The magazine likens Boyd to "someone who spends all day in an Internet chat room and assumes the rest of the world is as psyched as he and his online compatriots are about, say, the Lord of the Rings trilogy." But our favorite bit is about Joan Blades, MoveOn's co-founder and Boyd's better half:

"The GOP is painting us as socialist radicals," Blades tells me with seeming disbelief over Thai chicken salad at the Berkeley Art Museum.

Surely a real socialist radical would have ordered the raw Vietnamese mushroom salad instead.

Metaphor Alert
"This message to those who attack you; you reap what you sow, so watch your back. We're still following the leader, and you can all go to hell."--patriot and former senator Max Cleland at a going-away party for former senator Tom Daschle, quoted in the Washington Post, March 2



To: sea_biscuit who wrote (58622)3/3/2005 7:25:59 PM
From: Hope PraytochangeRespond to of 81568
 
Cashing In on Rathergate
From the New York Observer comes an update on the aftermath of CBS's phony-documents scandal. Two of the three CBS executives who were asked to resign in January after the release of the report on the scandal, Mary Murphy and Betsy West, have now done so, "signing nondisclosure agreements in the process." The third exec, Josh Howard, is still holding out; as we speculated last month, a Howard wrongful-termination suit could be disastrous for CBS.

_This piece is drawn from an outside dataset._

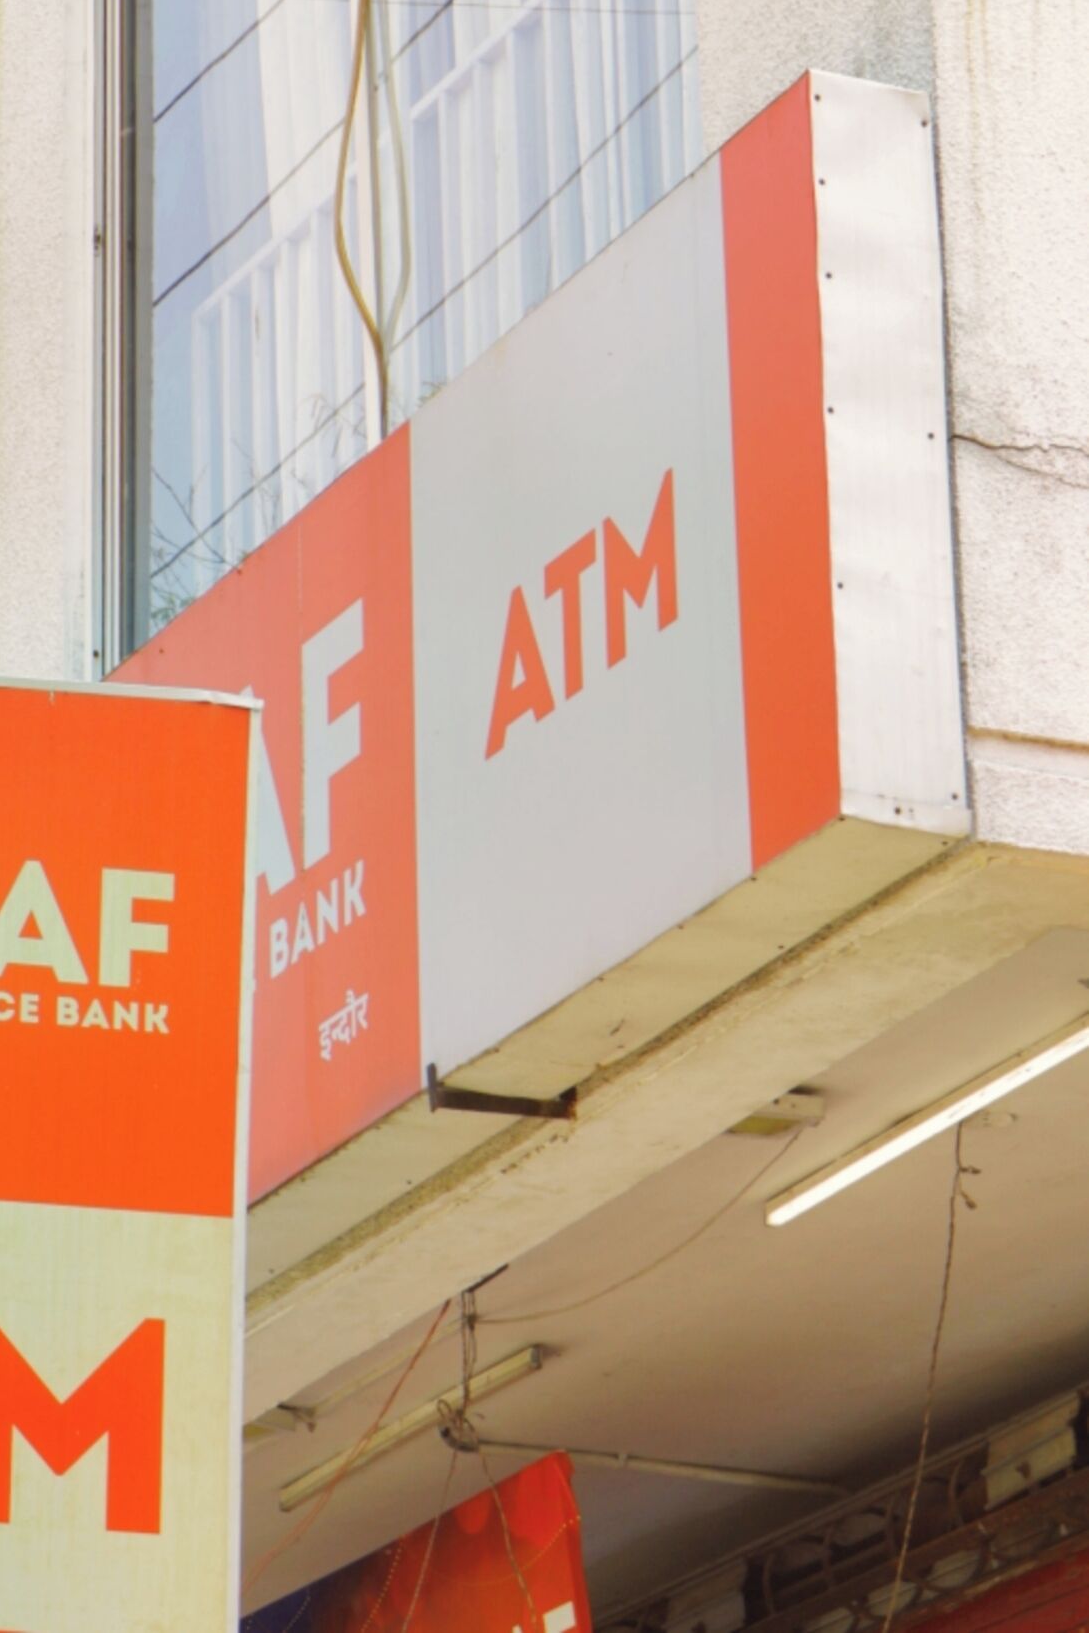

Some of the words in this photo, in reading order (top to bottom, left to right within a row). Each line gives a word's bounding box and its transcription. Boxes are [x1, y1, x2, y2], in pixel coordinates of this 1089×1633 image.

[485, 467, 679, 761] ATM
[269, 858, 367, 980] BANK
[56, 996, 170, 1035] BANK

Meanwhile, Mary Mapes, the segment producer, "is preparing to shop a book proposal offering an inside account of what happened at CBS News during the memo scandal":

The book will constitute Ms. Mapes' defense against charges of journalistic misconduct. According to Wesley Neff, president of the literary and lecture agency that is representing Ms. Mapes, the producer plans to argue for the veracity of the four memos supposedly typed by President Bush's former National Guard squadron commander, Lt. Col. Jerry Killian, in the early 1970's. . . .

Ms. Mapes' book proposal will include 40 pages of analysis and documentation that she offered to the panel to back up the documents' authenticity. In an addendum to that material--supplied on the condition it not be directly quoted--Ms. Mapes avoids direct discussion of fonts and character spacing.

Instead, she argues that the substance of the memos meshes with Mr. Bush's known records (the panel had claimed the documents clashed) and that inconsistencies in their format could have reflected the work of different typists--as found, she argues, in some of the official records.

Moreover, Ms. Mapes adds, given that two of Mr. Killian's contemporaries said the documents fit his thoughts and actions, a forger would have had to correctly guess the mental state of a dead man.

Well, which is harder--guessing the mental state of a dead man, or generating a Microsoft Word document in 1973? In any case, it appears that the four journalists CBS decided to "hold accountable" for the National Guard fiasco, one will get a nice book advance and the other three will get paid by CBS to go away. Maybe the reason the network didn't dismiss Dan Rather is he didn't need the money.